In premenopausal women, prophylactic BSO results in premature menopause and its associated symptoms including hot flushes, vaginal dryness, sexual dysfunction, sleep disturbances, and increased risk for osteoporosis.19–21 Many of the women in our cohort had a previous diagnosis of breast cancer and were unable to take hormone therapy. However, in premenopausal women without a previous diagnosis of breast cancer, hormone therapy after prophylactic BSO is a reasonable option to assist with management of menopausal symptoms. Of the 14 premenopausal women in our cohort without a history of breast cancer who underwent prophylactic BSO, 57% started hormone therapy after surgery. The surgical complication rate in our cohort was 3%. This figure is consistent with previously published complication rates associated with prophylactic BSO in BRCA mutation carriers8 and for hysterectomy with BSO for benign indications.22,23
Two women (3%) in our study were found to have occult ovarian carcinomas at the time of prophylactic surgery. This is consistent with previous studies which have reported the rate to be 2% to 10%.7,8,24–26 These findings emphasize the need to maintain a high index of suspicion during prophylactic surgery in these women. Our protocol for prophylactic BSO in BRCA mutation carriers includes careful inspection of the tubes, ovaries, and surrounding tissues as well as cytologic examination of peritoneal washings. The pathologist is informed of the increased risk of ovarian and fallopian tube cancer, and the specimens are carefully examined intraoperatively with frozen sections performed if indicated. Serial sectioning of the entire fallopian tubes and ovaries is then performed. A recent study by Powell et al26 reported a seven-fold increase in the detection of occult ovarian carcinoma using a similar protocol in BRCA mutation carriers.

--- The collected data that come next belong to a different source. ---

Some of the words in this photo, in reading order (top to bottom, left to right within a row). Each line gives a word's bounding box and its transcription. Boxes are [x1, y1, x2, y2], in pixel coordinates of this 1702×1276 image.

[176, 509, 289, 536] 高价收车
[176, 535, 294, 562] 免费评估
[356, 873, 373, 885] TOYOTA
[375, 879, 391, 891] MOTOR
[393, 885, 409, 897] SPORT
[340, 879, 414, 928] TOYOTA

Only 18% of the women in our cohort had one of the three Ashkenazi Jewish founder mutations. This is different from many of the previous reports on BRCA mutation carriers, which have included a high proportion of women of Ashkenazi Jewish descent.2,15,26,27 Although the power was limited by our small sample size, there were no significant differences in the proportion of women diagnosed with ovarian cancer or undergoing prophylactic BSO between the women with the Ashkenazi Jewish founder mutations and those without. Further study is needed to determine if there are significant differences in our BRCA mutation carrier population compared with those previously reported, and the implications this may have on the decision to undergo prophylactic surgery.

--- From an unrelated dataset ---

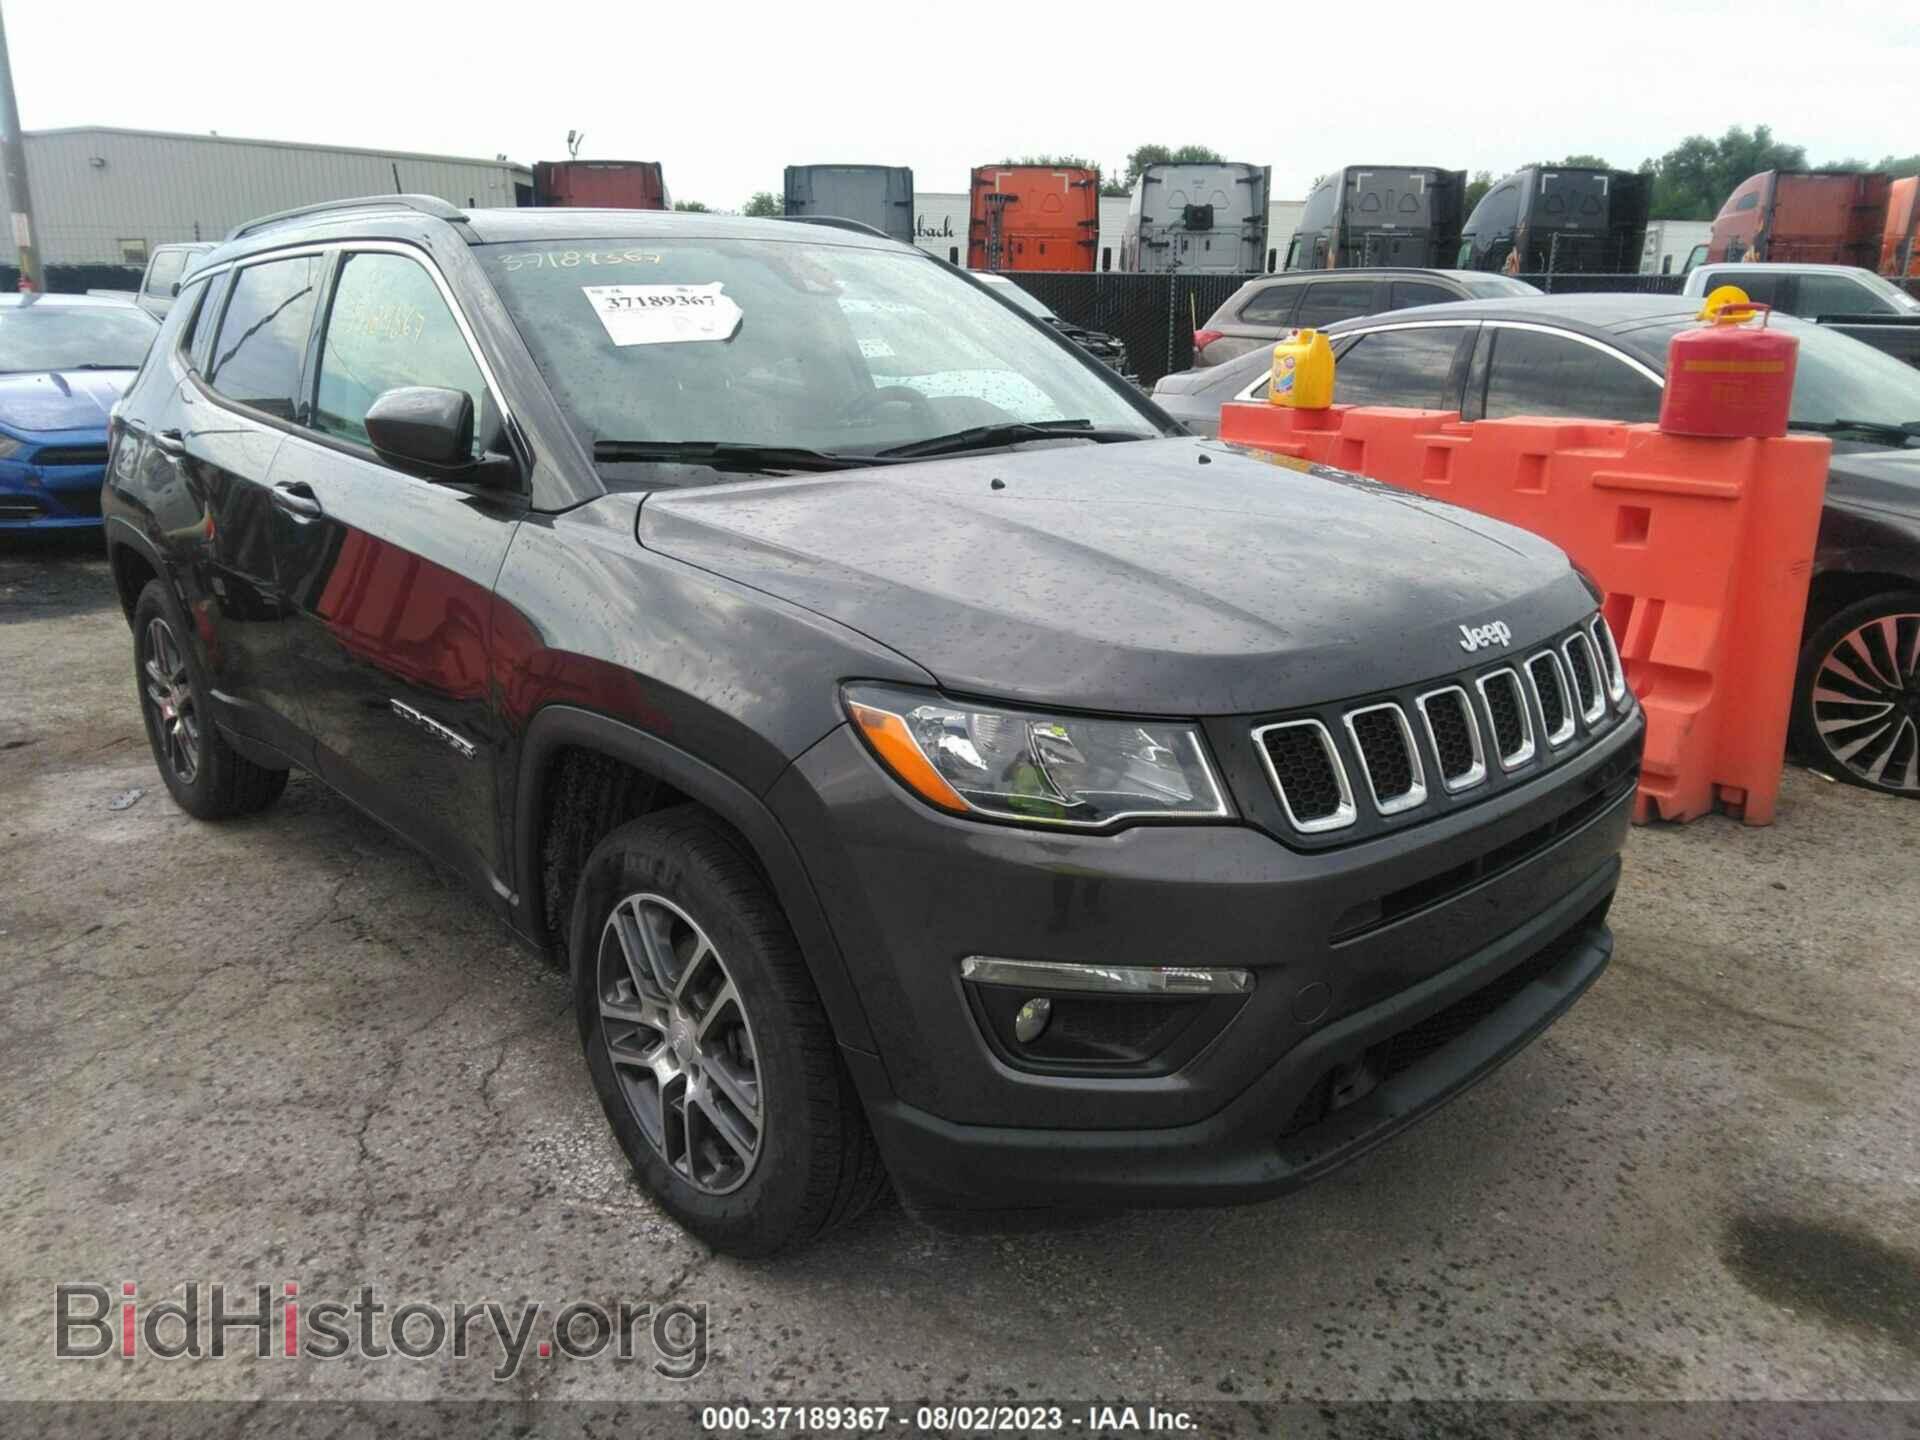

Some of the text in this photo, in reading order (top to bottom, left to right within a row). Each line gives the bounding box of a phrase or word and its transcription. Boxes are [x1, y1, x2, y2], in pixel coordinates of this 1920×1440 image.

[913, 215, 956, 238] bach
[604, 295, 716, 309] 37189367
[1458, 620, 1512, 652] Jeep

In summary, 61% of the women in our cohort elected to undergo prophylactic BSO. A short time interval was noted from disclosure of genetic testing results to prophylactic BSO. Age greater than 40 years, parity, and a personal history of breast cancer were associated with choosing prophylactic BSO. We are currently evaluating quality of life and satisfaction with decision-making in women with a BRCA mutation to gain a better understanding of the factors important in deciding whether or not to undergo prophylactic BSO.